Available records
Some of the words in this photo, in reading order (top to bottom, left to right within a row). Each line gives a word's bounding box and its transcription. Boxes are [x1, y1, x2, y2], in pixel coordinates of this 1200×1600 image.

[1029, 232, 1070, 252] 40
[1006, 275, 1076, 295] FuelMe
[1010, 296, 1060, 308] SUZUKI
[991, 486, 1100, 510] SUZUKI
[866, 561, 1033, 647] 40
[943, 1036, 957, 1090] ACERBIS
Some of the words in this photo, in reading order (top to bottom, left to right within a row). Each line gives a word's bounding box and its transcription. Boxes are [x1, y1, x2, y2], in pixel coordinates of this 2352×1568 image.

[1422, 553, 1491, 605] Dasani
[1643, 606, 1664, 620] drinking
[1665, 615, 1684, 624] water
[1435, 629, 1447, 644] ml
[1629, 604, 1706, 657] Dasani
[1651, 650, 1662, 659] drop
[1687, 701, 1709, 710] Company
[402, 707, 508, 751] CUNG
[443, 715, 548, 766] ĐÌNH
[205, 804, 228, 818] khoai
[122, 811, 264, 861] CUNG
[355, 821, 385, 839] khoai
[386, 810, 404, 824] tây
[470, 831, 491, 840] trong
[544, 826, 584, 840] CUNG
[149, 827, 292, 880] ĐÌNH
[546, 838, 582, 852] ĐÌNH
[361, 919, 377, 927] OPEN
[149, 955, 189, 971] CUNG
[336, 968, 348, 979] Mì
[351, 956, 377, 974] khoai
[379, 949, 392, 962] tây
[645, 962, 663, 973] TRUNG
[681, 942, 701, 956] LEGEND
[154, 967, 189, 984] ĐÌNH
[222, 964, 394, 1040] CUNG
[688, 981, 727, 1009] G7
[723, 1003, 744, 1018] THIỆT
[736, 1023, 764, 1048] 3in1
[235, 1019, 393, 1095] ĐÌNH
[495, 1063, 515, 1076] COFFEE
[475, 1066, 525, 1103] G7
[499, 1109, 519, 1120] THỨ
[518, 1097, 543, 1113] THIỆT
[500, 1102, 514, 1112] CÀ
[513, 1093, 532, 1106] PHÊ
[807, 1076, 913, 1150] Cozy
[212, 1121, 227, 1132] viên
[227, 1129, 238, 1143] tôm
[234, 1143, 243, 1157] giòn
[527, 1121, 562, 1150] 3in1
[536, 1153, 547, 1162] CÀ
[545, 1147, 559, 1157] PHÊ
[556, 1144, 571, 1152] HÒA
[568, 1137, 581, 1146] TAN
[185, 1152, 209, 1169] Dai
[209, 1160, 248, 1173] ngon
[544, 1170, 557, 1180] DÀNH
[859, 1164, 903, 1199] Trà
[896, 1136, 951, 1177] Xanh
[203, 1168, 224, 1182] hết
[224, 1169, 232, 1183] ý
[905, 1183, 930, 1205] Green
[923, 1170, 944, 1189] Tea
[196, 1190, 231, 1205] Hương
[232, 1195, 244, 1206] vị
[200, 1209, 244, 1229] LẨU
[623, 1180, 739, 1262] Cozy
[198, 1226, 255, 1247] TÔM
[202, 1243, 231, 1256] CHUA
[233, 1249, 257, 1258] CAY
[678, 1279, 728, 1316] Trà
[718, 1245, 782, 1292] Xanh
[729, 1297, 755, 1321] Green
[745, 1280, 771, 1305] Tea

Problem to solve
Would you please give all of the records again exactly as they stand?

Result of the task
Some of the words in this photo, in reading order (top to bottom, left to right within a row). Each line gives a word's bounding box and its transcription. Boxes are [x1, y1, x2, y2], in pixel coordinates of this 1200×1600 image.

[1029, 232, 1070, 252] 40
[1006, 275, 1076, 295] FuelMe
[1010, 296, 1060, 308] SUZUKI
[991, 486, 1100, 510] SUZUKI
[866, 561, 1033, 647] 40
[943, 1036, 957, 1090] ACERBIS
Some of the words in this photo, in reading order (top to bottom, left to right within a row). Each line gives a word's bounding box and its transcription. Boxes are [x1, y1, x2, y2], in pixel coordinates of this 2352×1568 image.

[1422, 553, 1491, 605] Dasani
[1643, 606, 1664, 620] drinking
[1665, 615, 1684, 624] water
[1435, 629, 1447, 644] ml
[1629, 604, 1706, 657] Dasani
[1651, 650, 1662, 659] drop
[1687, 701, 1709, 710] Company
[402, 707, 508, 751] CUNG
[443, 715, 548, 766] ĐÌNH
[205, 804, 228, 818] khoai
[122, 811, 264, 861] CUNG
[355, 821, 385, 839] khoai
[386, 810, 404, 824] tây
[470, 831, 491, 840] trong
[544, 826, 584, 840] CUNG
[149, 827, 292, 880] ĐÌNH
[546, 838, 582, 852] ĐÌNH
[361, 919, 377, 927] OPEN
[149, 955, 189, 971] CUNG
[336, 968, 348, 979] Mì
[351, 956, 377, 974] khoai
[379, 949, 392, 962] tây
[645, 962, 663, 973] TRUNG
[681, 942, 701, 956] LEGEND
[154, 967, 189, 984] ĐÌNH
[222, 964, 394, 1040] CUNG
[688, 981, 727, 1009] G7
[723, 1003, 744, 1018] THIỆT
[736, 1023, 764, 1048] 3in1
[235, 1019, 393, 1095] ĐÌNH
[495, 1063, 515, 1076] COFFEE
[475, 1066, 525, 1103] G7
[499, 1109, 519, 1120] THỨ
[518, 1097, 543, 1113] THIỆT
[500, 1102, 514, 1112] CÀ
[513, 1093, 532, 1106] PHÊ
[807, 1076, 913, 1150] Cozy
[212, 1121, 227, 1132] viên
[227, 1129, 238, 1143] tôm
[234, 1143, 243, 1157] giòn
[527, 1121, 562, 1150] 3in1
[536, 1153, 547, 1162] CÀ
[545, 1147, 559, 1157] PHÊ
[556, 1144, 571, 1152] HÒA
[568, 1137, 581, 1146] TAN
[185, 1152, 209, 1169] Dai
[209, 1160, 248, 1173] ngon
[544, 1170, 557, 1180] DÀNH
[859, 1164, 903, 1199] Trà
[896, 1136, 951, 1177] Xanh
[203, 1168, 224, 1182] hết
[224, 1169, 232, 1183] ý
[905, 1183, 930, 1205] Green
[923, 1170, 944, 1189] Tea
[196, 1190, 231, 1205] Hương
[232, 1195, 244, 1206] vị
[200, 1209, 244, 1229] LẨU
[623, 1180, 739, 1262] Cozy
[198, 1226, 255, 1247] TÔM
[202, 1243, 231, 1256] CHUA
[233, 1249, 257, 1258] CAY
[678, 1279, 728, 1316] Trà
[718, 1245, 782, 1292] Xanh
[729, 1297, 755, 1321] Green
[745, 1280, 771, 1305] Tea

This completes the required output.